▶ **WHAT THIS TASK INVOLVES**: Print the records below exactly. Omit every picture.

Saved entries
# # # # #

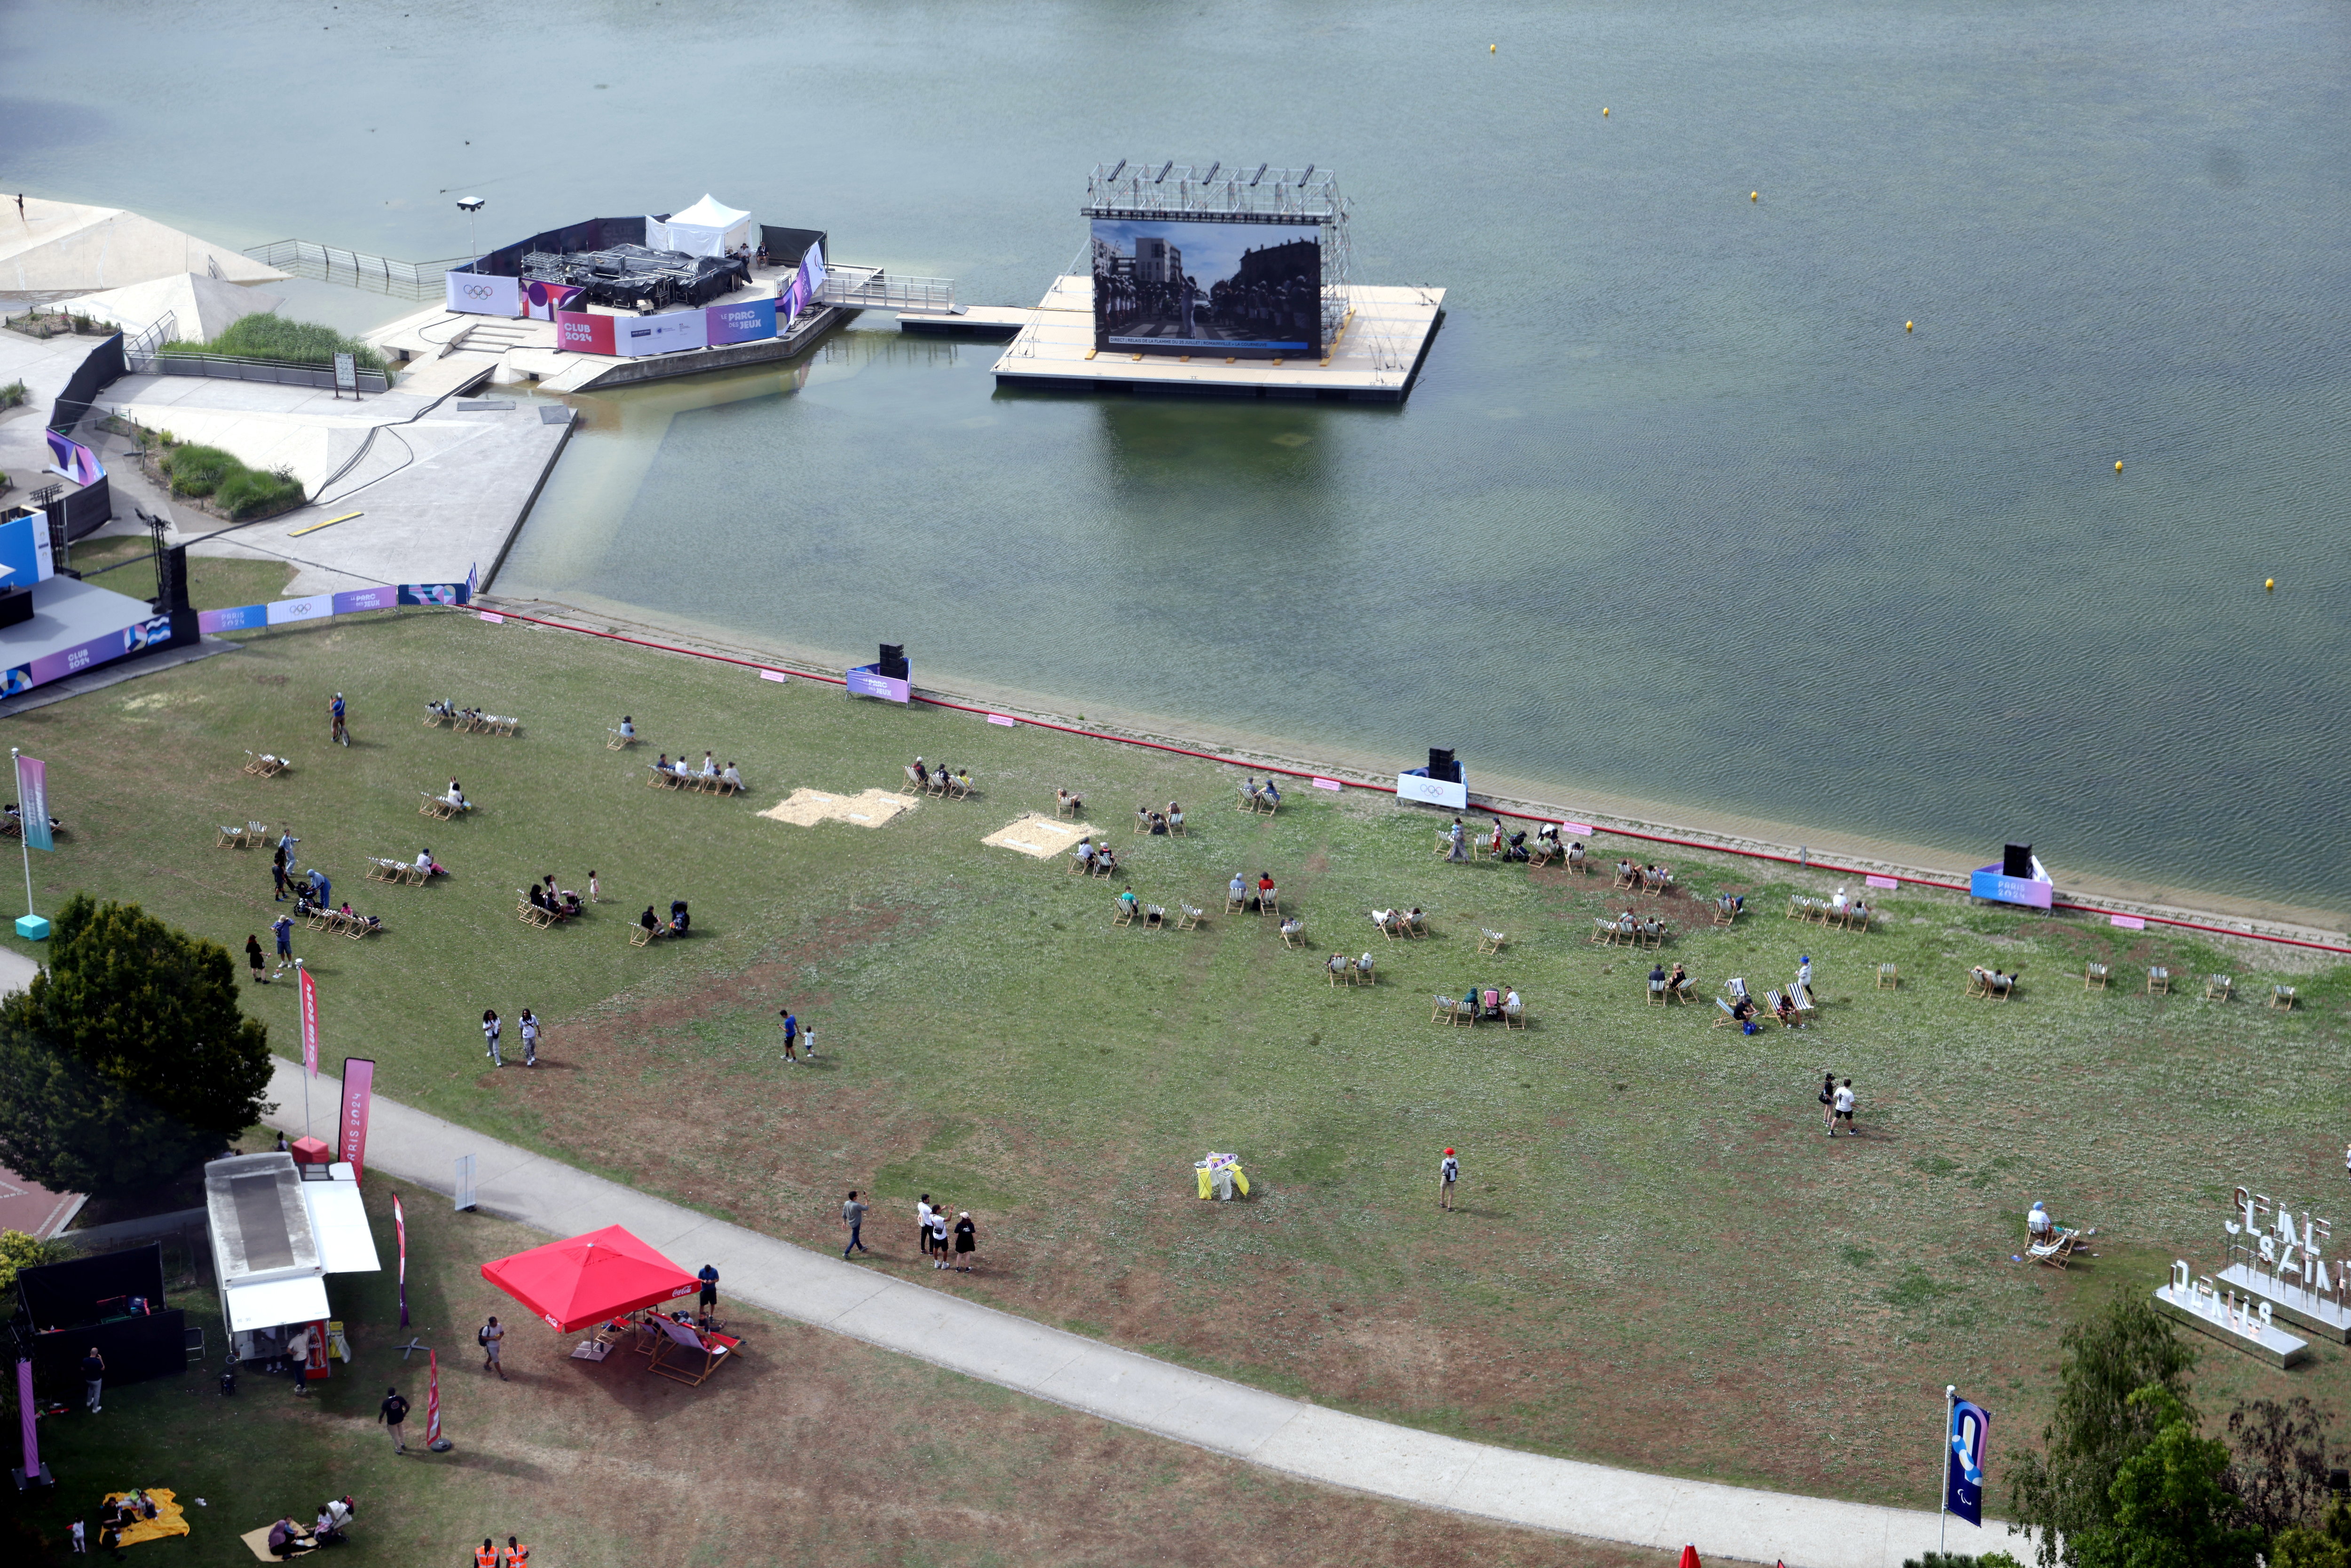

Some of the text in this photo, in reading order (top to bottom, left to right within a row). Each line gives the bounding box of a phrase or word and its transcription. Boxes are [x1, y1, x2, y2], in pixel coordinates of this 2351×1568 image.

[728, 310, 755, 321] PARC
[564, 323, 591, 332] CLUB
[740, 319, 761, 329] JEUX
[565, 332, 592, 342] 2024
[356, 593, 376, 602] PARC
[222, 619, 245, 628] 2024
[68, 649, 88, 662] CLUB
[69, 657, 89, 670] 2024
[868, 679, 887, 688] PARC
[876, 687, 891, 696] JEUX
[27, 800, 37, 827] JEUX
[1998, 888, 2025, 899] 2024
[351, 1093, 361, 1126] 2024
[672, 1285, 692, 1297] Coca-Cola
[545, 1314, 559, 1328] Coca-Cola
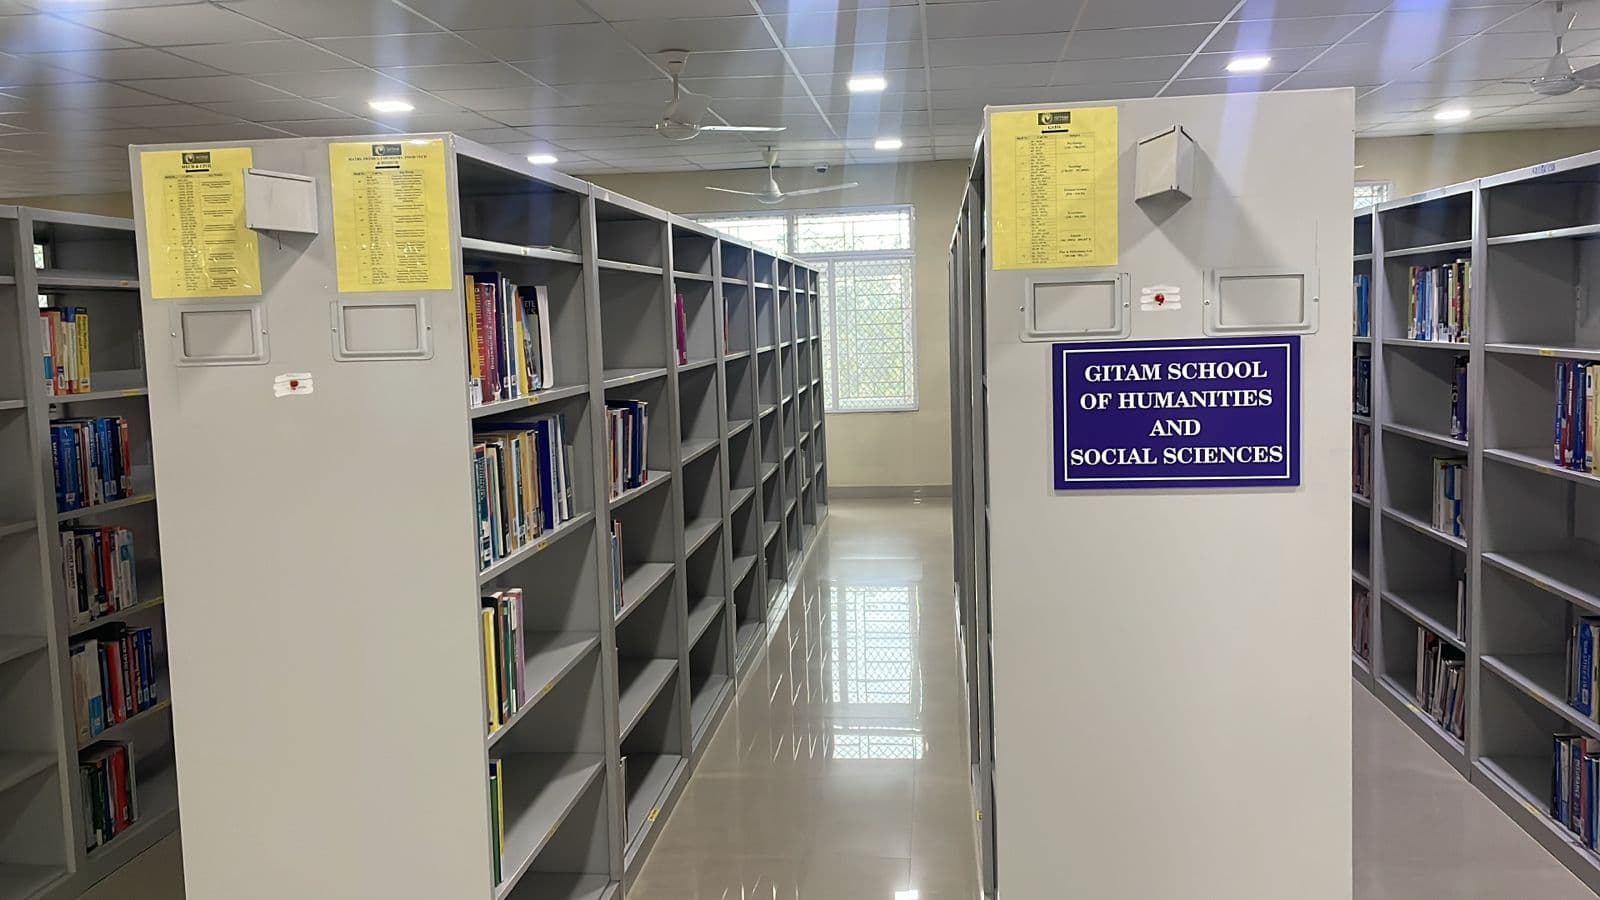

# # # # #

▶ **SOLUTION TO THE PROBLEM**:
Some of the text in this photo, in reading order (top to bottom, left to right within a row). Each line gives the bounding box of a phrase or word and its transcription. Boxes are [x1, y1, x2, y2], in pixel coordinates of this 2351×1568 image.

[728, 310, 755, 321] PARC
[564, 323, 591, 332] CLUB
[740, 319, 761, 329] JEUX
[565, 332, 592, 342] 2024
[356, 593, 376, 602] PARC
[222, 619, 245, 628] 2024
[68, 649, 88, 662] CLUB
[69, 657, 89, 670] 2024
[868, 679, 887, 688] PARC
[876, 687, 891, 696] JEUX
[27, 800, 37, 827] JEUX
[1998, 888, 2025, 899] 2024
[351, 1093, 361, 1126] 2024
[672, 1285, 692, 1297] Coca-Cola
[545, 1314, 559, 1328] Coca-Cola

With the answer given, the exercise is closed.